= Lina Scott Gatty =

British politician (1873–1964)

Lina Scott Gatty

Lina Mary Scott Gatty OBE (24 February 1873 – 15 April 1964), was a British Liberal Party politician. She was born Lina Mary Hart Dyke, and died as Lina Mary Crivellari. She was awarded the Order of Queen Elisabeth of Belgium. She was awarded an OBE in 1918 for her work as honorary secretary of the Huntingdonshire County Association of Voluntary Workers.

==Background==
She was the eldest daughter of Rt Hon. Sir William Hart Dyke, and Emily Caroline Montagu. She was the niece of Edward Montagu, 8th Earl of Sandwich. In 1902 she married Alexander John Scott Scott-Gatty. In 1903 they had a son Edward Comyn Scott-Gatty.

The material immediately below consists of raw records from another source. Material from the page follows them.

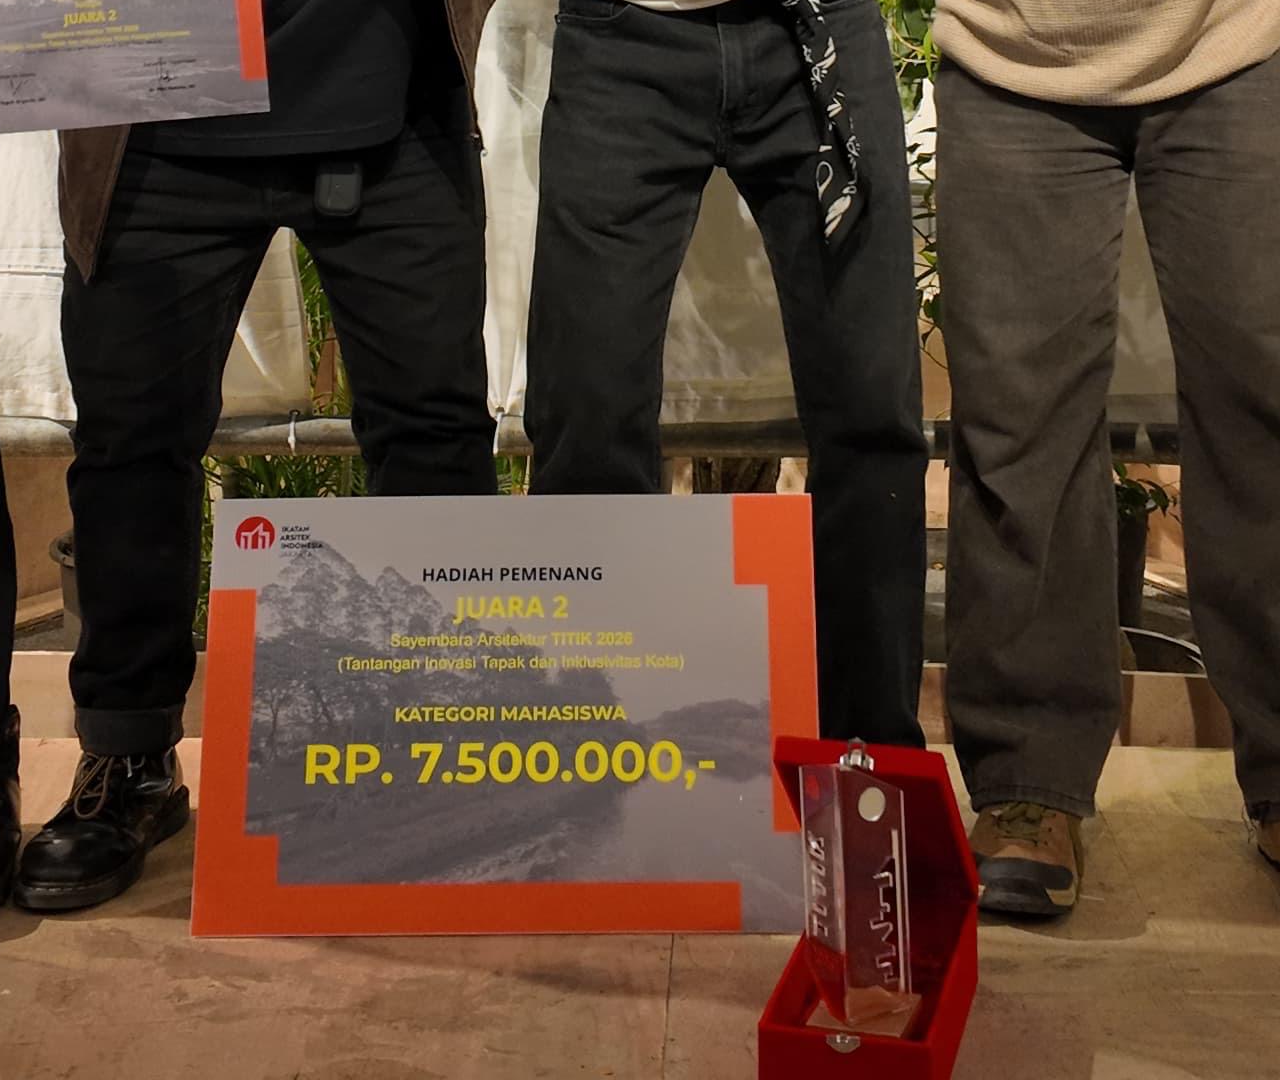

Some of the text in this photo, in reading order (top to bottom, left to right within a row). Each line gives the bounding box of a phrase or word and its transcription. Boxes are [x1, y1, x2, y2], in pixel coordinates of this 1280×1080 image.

[63, 9, 118, 28] JUARA 2
[422, 567, 603, 582] HADIAH PEMENANG
[453, 595, 569, 625] JUARA 2
[390, 631, 634, 649] Sayembara Arsitektur TITIK 2026
[337, 654, 685, 673] (Tantangan Inovasi Tapak dan Inklusivitas Kota)
[394, 704, 628, 723] KATEGORI MAHASISWA
[304, 739, 716, 791] RP. 7.500.000,-

They divorced in 1926. In 1931 she married Antonio Crivellari.

==Politics==
In 1920 she was a member of the English Speaking Union.
She was a leading Conservative in Huntingdonshire before joining the Liberal party. She was a Member of Huntingdonshire County Council. She served on Hospital Boards and School Managers' Committees. She was selected as Liberal candidate for the Huntingdonshire Division at the 1922 General Election. This was her home constituency and one that had been represented by her Uncle, Lord Sandwich. It was a safe Unionist seat. Any hopes she might have entertained of winning were dashed when a Labour candidate entered the contest to split the ant-Unionist vote.

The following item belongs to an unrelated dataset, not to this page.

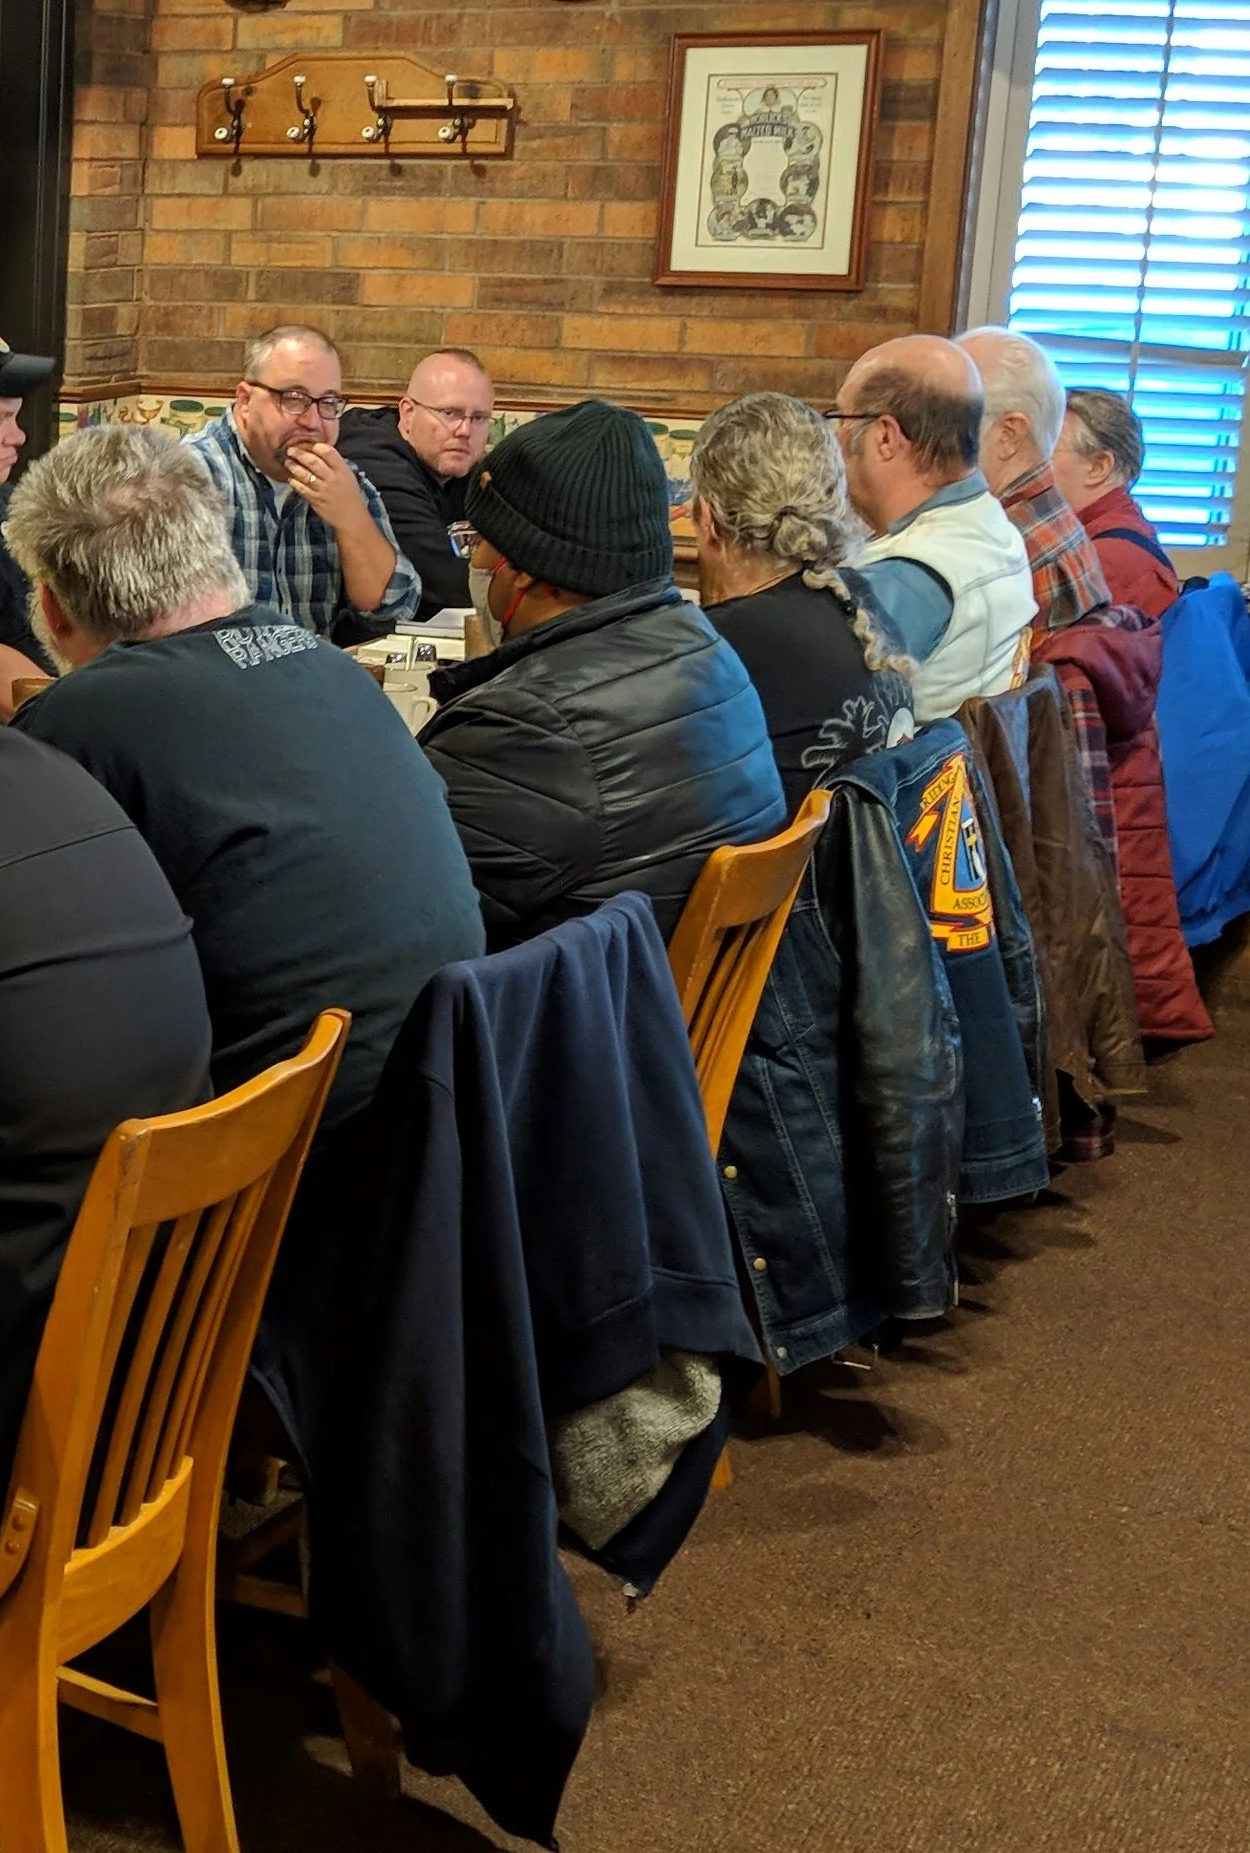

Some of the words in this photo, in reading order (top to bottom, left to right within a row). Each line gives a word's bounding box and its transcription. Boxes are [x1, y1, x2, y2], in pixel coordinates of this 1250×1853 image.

[920, 772, 957, 809] RIDING
[939, 796, 961, 886] CHRISTIAN
[957, 932, 983, 947] THE

General Election 1922: Huntingdonshire Electorate
| Party |  | Candidate | Votes | % | ±% |
|---|---|---|---|---|---|
|  | Conservative | Charles Murchison | 10,079 | 50.7 | −11.9 |
|  | Liberal | Lina Scott Gatty | 5,123 | 25.7 | −11.7 |
|  | Labour | Dermot Johnston Freyer | 4,697 | 23.6 | N/A |
| Majority |  |  | 4,956 | 25.0 |  |
| Turnout |  |  | 19,899 | 70.7 | +7.9 |
|  | Conservative hold |  | Swing | −0.1 |  |

She did not stand for parliament again but remained active in the Liberal party. She worked closely with Leonard Costello who succeeded her as Liberal candidate, winning the seat when Labour withdrew in 1923. In 1924 she was elected to the Council of the Women's National Liberal Federation. In 1926 she was Treasurer of the Eastern Counties Liberal Federation.